I’ve never been to a professional hockey game nor wanted to. I stay far away from sports bars.
But I do resonate with hockey legend Wayne Gretzky whose pithy leadership advice is, “Don’t skate to where the hockey puck is. Skate to where the hockey puck is going.”
I love the direction the hockey puck is going for women in sports.
That’s why why I’m excited about Take The Lead’s upcoming “Play Hockey Like a Girl” panel in Phoenix, AZ on November 11. More later on that.
My own sports story begins in elementary school. I was often humiliated by being the last person chosen for the softball team. Probably today to make all children feel equally worthy, they draw lots or number off. But when I was a girl, I was the epitome of the dreaded epithet, “Play (whatever) Like a Girl.”
Except for the spelling bee. Everybody wanted me on their team for that. How “like a girl.” Another story for another day.
The more I failed to perform well at sports, the less I played, and the klutzier I therefore became.
I lived with three loving but busy adults for the formative first six years of my life and was rewarded for being quiet. Oh, they enrolled me in ballet and tap, in stereotypical girl child fashion. I was cute in my pink ballet tutu. But I was also the slightly chunky one on the end who was never quite on point. In tap, I was a total disaster, the top-hatted, foot-clicking version of Wrong Way Corrigan.

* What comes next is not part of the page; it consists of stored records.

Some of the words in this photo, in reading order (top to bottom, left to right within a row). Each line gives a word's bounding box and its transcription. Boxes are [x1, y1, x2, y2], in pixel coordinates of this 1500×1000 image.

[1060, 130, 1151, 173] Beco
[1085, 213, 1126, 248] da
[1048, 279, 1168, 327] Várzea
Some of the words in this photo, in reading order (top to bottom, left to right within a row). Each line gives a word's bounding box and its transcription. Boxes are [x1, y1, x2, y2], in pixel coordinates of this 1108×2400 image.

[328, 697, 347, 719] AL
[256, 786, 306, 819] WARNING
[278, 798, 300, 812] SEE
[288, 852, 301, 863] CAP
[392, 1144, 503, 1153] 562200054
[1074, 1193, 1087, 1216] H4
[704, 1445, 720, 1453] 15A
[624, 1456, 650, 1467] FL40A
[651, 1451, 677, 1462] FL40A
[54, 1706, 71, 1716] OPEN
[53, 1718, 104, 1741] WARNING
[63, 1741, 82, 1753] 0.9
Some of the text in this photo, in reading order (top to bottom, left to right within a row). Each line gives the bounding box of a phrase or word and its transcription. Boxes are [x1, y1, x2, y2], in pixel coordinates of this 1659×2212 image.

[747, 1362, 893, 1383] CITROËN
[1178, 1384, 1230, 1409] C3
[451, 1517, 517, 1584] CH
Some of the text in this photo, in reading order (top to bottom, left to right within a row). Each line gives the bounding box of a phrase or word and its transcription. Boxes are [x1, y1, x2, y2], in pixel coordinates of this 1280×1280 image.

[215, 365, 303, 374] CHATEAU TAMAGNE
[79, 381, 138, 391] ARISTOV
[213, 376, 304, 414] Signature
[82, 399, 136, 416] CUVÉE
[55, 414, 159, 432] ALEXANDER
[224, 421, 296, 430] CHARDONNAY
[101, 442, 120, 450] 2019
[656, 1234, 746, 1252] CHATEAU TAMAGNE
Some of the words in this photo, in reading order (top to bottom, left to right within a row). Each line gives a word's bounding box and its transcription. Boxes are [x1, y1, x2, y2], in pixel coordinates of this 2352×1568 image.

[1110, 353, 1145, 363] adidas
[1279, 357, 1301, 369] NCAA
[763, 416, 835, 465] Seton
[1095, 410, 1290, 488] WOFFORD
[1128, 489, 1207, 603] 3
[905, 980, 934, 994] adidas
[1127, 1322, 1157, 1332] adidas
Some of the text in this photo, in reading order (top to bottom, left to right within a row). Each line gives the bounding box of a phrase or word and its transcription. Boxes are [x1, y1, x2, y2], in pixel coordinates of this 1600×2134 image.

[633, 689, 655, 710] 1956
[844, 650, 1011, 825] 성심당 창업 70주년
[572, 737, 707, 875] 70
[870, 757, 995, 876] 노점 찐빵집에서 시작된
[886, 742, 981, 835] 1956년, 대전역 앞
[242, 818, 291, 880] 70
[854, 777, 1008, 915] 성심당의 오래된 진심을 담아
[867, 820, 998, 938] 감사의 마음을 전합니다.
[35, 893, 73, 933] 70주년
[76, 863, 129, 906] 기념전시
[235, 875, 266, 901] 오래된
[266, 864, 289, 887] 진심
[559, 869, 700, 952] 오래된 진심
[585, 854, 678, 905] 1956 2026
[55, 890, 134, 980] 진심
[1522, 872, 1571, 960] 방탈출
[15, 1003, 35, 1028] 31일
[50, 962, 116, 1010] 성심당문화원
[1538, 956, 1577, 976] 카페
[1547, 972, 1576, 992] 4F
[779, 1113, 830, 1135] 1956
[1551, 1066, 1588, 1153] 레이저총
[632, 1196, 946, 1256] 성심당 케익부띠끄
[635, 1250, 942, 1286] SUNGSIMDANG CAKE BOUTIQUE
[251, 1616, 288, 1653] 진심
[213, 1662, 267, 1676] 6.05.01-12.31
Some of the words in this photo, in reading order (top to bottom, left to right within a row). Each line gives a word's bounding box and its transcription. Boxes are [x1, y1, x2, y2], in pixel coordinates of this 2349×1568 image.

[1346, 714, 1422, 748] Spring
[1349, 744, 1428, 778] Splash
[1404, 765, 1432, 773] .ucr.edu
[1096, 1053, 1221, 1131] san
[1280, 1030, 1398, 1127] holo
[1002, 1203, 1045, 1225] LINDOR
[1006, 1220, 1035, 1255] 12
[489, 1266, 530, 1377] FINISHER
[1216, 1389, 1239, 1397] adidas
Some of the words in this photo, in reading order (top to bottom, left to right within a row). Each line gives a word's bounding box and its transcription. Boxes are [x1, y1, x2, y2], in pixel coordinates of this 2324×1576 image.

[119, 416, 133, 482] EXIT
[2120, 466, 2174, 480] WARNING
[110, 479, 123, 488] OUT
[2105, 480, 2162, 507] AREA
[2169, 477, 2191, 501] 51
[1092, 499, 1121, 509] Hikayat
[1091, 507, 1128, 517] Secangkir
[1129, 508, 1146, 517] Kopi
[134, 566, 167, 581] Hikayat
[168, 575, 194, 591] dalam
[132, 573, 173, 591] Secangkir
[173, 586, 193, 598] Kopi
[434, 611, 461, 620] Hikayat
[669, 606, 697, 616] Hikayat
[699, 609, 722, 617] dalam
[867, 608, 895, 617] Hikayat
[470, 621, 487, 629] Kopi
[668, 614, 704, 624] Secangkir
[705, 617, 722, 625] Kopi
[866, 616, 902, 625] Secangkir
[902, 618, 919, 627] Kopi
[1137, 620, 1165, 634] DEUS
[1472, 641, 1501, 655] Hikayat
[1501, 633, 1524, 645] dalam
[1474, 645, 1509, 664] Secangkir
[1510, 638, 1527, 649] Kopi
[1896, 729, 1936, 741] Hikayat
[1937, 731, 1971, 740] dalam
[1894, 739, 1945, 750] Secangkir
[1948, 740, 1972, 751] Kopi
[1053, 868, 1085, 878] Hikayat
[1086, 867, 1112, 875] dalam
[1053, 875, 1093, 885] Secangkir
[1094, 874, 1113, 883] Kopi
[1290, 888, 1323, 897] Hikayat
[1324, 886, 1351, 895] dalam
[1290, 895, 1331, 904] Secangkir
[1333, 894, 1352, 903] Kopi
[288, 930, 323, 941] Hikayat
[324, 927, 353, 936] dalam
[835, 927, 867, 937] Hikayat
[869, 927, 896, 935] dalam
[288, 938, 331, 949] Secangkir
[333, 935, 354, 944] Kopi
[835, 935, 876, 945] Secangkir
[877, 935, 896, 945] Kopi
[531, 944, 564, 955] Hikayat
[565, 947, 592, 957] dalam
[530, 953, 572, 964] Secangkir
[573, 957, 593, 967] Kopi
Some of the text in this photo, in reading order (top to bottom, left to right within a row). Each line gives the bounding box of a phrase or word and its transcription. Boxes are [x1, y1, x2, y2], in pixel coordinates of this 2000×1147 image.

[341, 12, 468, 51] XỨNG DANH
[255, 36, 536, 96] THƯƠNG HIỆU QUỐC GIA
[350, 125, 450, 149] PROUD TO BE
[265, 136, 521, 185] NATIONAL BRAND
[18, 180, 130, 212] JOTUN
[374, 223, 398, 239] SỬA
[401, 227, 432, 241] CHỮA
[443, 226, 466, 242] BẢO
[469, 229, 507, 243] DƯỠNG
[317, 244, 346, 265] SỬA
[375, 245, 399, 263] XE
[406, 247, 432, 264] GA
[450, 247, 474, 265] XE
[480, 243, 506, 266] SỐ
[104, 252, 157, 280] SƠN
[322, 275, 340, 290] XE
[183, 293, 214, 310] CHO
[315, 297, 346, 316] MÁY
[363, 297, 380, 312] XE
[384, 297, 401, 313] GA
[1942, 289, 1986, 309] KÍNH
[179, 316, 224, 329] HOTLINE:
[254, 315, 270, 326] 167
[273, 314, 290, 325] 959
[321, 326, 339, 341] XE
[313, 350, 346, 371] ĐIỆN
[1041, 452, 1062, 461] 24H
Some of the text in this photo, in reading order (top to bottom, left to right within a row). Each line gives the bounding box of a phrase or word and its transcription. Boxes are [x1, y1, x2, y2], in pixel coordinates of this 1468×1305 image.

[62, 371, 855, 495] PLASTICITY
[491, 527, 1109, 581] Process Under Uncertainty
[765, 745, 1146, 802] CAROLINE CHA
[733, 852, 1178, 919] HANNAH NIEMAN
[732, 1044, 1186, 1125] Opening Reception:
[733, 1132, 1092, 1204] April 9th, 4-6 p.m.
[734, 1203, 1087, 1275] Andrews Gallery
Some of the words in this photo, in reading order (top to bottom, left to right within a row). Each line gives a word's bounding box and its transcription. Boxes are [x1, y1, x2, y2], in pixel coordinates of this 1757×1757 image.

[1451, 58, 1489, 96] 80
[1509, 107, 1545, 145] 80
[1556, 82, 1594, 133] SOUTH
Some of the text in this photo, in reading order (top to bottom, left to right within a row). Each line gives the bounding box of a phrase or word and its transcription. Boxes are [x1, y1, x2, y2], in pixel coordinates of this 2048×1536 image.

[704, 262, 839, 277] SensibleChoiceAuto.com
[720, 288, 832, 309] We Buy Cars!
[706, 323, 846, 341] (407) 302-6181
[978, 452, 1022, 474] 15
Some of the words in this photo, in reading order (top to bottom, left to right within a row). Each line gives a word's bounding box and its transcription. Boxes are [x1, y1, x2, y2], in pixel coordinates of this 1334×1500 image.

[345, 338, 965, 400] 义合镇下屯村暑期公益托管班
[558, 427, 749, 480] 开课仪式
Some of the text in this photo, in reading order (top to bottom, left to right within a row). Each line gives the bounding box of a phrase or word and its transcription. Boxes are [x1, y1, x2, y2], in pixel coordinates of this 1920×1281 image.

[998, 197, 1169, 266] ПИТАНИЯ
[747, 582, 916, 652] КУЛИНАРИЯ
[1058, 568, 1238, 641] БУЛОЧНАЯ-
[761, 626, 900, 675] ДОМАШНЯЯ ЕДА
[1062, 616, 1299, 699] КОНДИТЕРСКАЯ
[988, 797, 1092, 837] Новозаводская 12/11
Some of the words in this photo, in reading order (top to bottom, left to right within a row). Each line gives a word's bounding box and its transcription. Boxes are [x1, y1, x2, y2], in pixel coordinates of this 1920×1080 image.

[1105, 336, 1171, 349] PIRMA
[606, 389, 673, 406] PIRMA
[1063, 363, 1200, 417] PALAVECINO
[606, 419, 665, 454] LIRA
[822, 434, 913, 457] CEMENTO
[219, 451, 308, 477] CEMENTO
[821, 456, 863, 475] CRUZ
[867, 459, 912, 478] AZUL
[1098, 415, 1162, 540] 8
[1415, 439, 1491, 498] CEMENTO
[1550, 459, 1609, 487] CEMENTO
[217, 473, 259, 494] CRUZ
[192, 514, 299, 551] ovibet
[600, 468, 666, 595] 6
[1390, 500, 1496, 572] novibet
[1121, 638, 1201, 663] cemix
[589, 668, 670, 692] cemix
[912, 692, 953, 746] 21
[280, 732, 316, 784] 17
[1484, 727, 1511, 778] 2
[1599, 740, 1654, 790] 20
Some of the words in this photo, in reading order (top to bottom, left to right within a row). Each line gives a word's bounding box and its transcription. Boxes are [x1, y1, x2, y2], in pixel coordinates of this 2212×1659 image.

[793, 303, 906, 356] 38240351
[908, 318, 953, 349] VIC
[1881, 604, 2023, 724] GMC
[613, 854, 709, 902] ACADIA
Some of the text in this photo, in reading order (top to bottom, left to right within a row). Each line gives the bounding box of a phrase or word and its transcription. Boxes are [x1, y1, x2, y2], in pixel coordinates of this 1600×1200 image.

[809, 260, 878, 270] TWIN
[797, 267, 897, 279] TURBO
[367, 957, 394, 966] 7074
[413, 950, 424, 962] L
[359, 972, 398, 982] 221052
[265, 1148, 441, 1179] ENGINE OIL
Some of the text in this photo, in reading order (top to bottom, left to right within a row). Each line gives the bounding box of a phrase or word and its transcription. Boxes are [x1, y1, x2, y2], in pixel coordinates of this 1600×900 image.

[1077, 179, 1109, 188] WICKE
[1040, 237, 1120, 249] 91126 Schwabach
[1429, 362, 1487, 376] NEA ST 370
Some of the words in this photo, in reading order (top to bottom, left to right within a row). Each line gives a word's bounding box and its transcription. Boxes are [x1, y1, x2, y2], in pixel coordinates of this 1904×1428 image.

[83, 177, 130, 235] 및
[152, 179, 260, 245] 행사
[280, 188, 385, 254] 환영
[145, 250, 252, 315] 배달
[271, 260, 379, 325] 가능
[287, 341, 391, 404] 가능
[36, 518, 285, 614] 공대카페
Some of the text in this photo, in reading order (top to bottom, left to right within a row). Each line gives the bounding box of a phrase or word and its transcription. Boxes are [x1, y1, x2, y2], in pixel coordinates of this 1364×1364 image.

It was expected that my boy cousins and playmates on the block would be active and boisterous. I envied them. Tried to run after them, and have the scars to prove it.
It wasn’t until years later, after I had children and was starting to thicken around the waist, that I was motivated to engage in any significant physical activity.
It started slowly with 10 or 15 minutes of exercises I learned from a women’s magazine. Periodically I would run laps around the nearby football practice field. (We lived a block from the real Friday Night Lights.)
Thank You, Jane Fonda
But I lacked the tenacity or lung power to stick with running. About when I hit 40, though, Jane Fonda released her exercise videos. I did one almost every morning until I got hooked on exercise endorphins and couldn’t start the day without feeling the burn.
Thank you Jane, for changing the lives of many women by showing us how to exercise like a girl and love it.
Here a shout out to Bernice Sandler is overdue–the “godmother” of Title IX, the 1972 legislation that had brought equity to girls in various aspects of education, but is best known for requiring schools to provide boys and girls equal access sports.
The value of participation in sports for girls and women is profound: learning leadership skills, physical discipline, teamwork, and how to compete in a positive way understanding that sometimes you win and sometimes you lose, and you come back to play again another day.
I wanted to continue to improve rather than go downhill physically at middle age. So I hired a trainer and began to build upper body strength for the first time. Wow. What a difference it made. I began to feel a mastery over my body and my physical prowess that I’m guessing male children learn by the time they are five years old.
The definition of “play like a girl” was clearly changing. When my husband and I were visiting friends around the 30th anniversary of Title IX, their nine-year-old daughter Sarah came racing home breathless and sweaty from her soccer practice. My husband said to her in his old-fashioned “like a boy” way, “You must be a tomboy.”
Sarah looked at him like he had two heads and replied, “What’s a tomboy?”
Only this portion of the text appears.